* _EXERCISE DETAILS_
Copy all the entries below exactly, but not the pictures.

####################

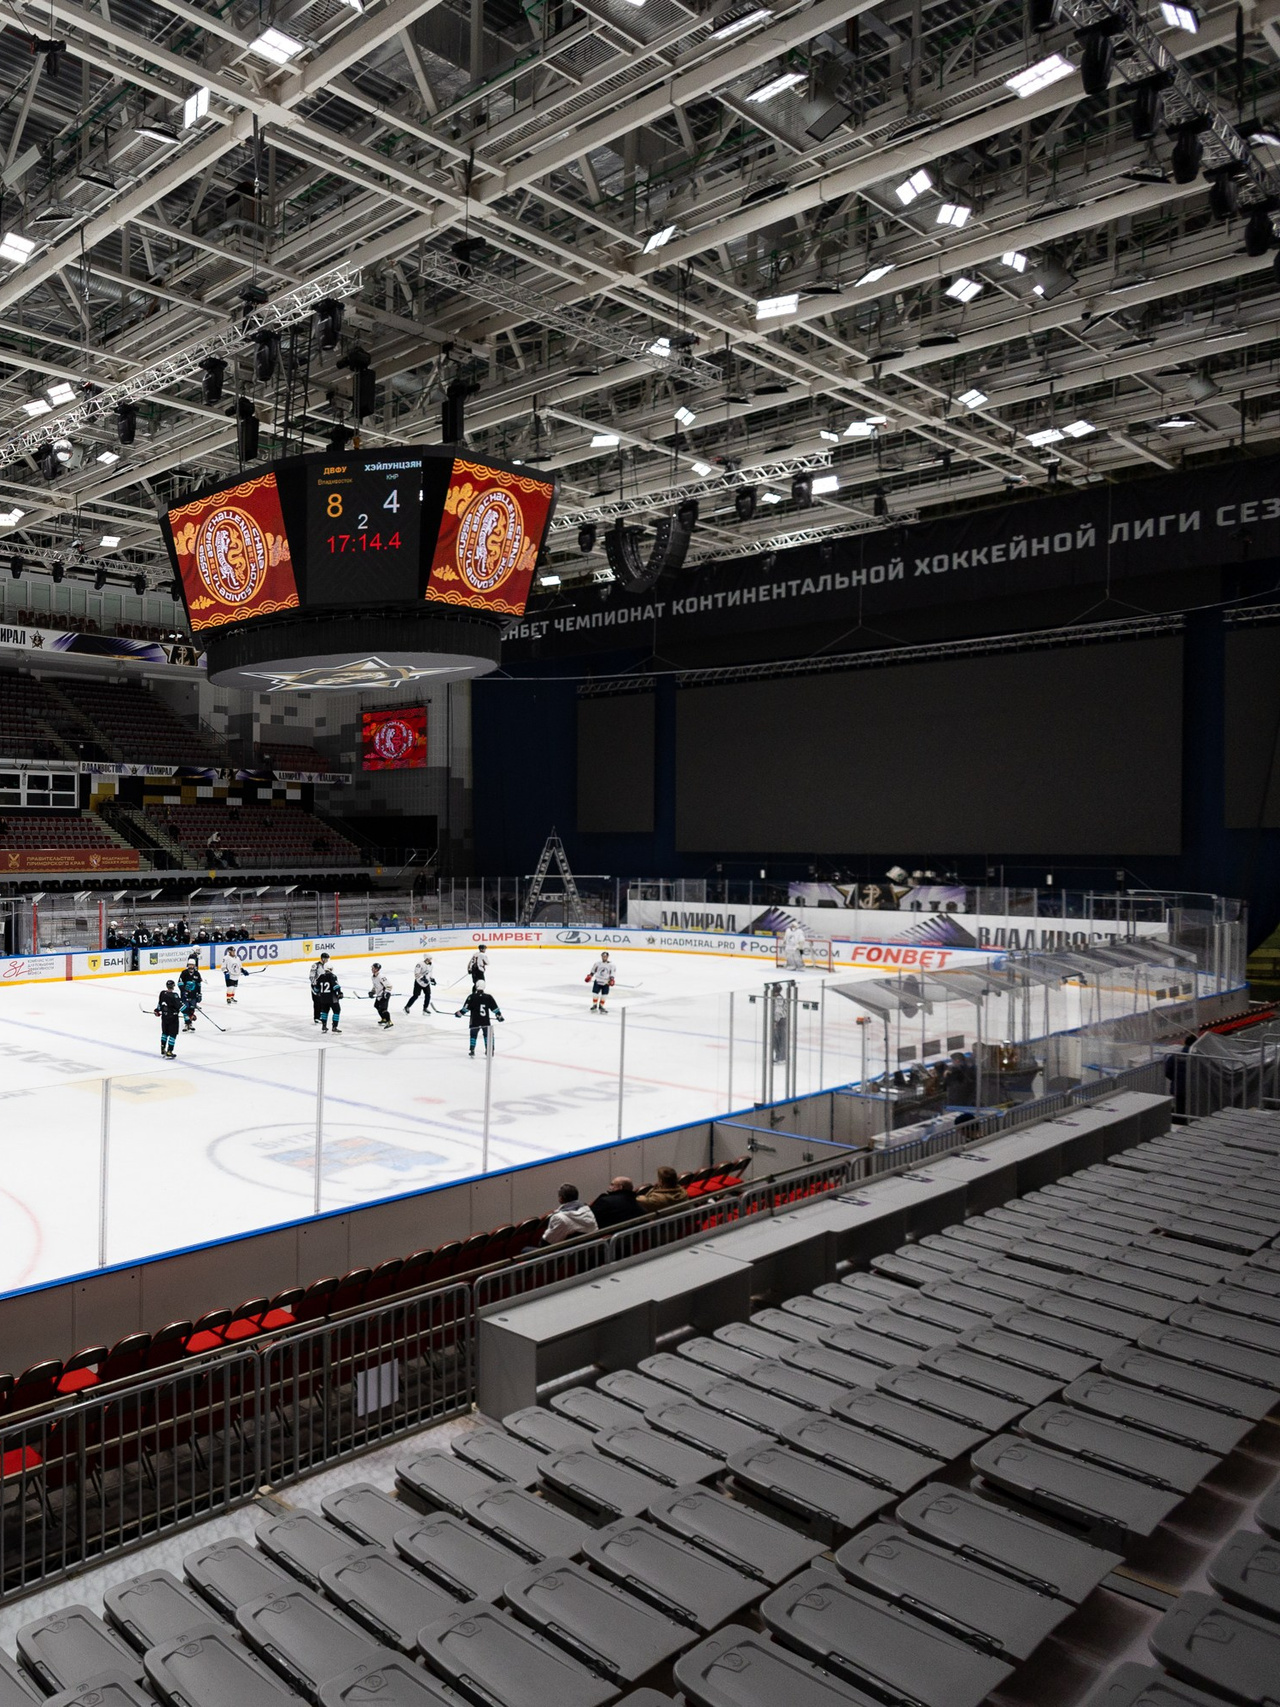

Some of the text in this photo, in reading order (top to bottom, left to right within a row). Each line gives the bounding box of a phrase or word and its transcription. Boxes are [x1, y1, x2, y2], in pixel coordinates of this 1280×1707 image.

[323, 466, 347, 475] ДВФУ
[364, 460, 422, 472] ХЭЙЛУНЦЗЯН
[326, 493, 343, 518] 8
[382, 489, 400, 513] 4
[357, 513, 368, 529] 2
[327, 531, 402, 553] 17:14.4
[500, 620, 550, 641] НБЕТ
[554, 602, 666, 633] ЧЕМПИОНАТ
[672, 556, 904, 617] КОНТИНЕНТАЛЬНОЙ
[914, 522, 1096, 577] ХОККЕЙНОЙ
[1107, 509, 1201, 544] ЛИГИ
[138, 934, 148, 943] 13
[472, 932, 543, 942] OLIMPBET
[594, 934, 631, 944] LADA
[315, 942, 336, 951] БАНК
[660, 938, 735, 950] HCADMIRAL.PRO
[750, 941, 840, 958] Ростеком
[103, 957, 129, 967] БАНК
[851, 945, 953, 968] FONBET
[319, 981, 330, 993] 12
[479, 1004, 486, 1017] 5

####################

* _OUTPUT BELOW_
Some of the text in this photo, in reading order (top to bottom, left to right within a row). Each line gives the bounding box of a phrase or word and its transcription. Boxes are [x1, y1, x2, y2], in pixel coordinates of this 1280×1707 image.

[323, 466, 347, 475] ДВФУ
[364, 460, 422, 472] ХЭЙЛУНЦЗЯН
[326, 493, 343, 518] 8
[382, 489, 400, 513] 4
[357, 513, 368, 529] 2
[327, 531, 402, 553] 17:14.4
[500, 620, 550, 641] НБЕТ
[554, 602, 666, 633] ЧЕМПИОНАТ
[672, 556, 904, 617] КОНТИНЕНТАЛЬНОЙ
[914, 522, 1096, 577] ХОККЕЙНОЙ
[1107, 509, 1201, 544] ЛИГИ
[138, 934, 148, 943] 13
[472, 932, 543, 942] OLIMPBET
[594, 934, 631, 944] LADA
[315, 942, 336, 951] БАНК
[660, 938, 735, 950] HCADMIRAL.PRO
[750, 941, 840, 958] Ростеком
[103, 957, 129, 967] БАНК
[851, 945, 953, 968] FONBET
[319, 981, 330, 993] 12
[479, 1004, 486, 1017] 5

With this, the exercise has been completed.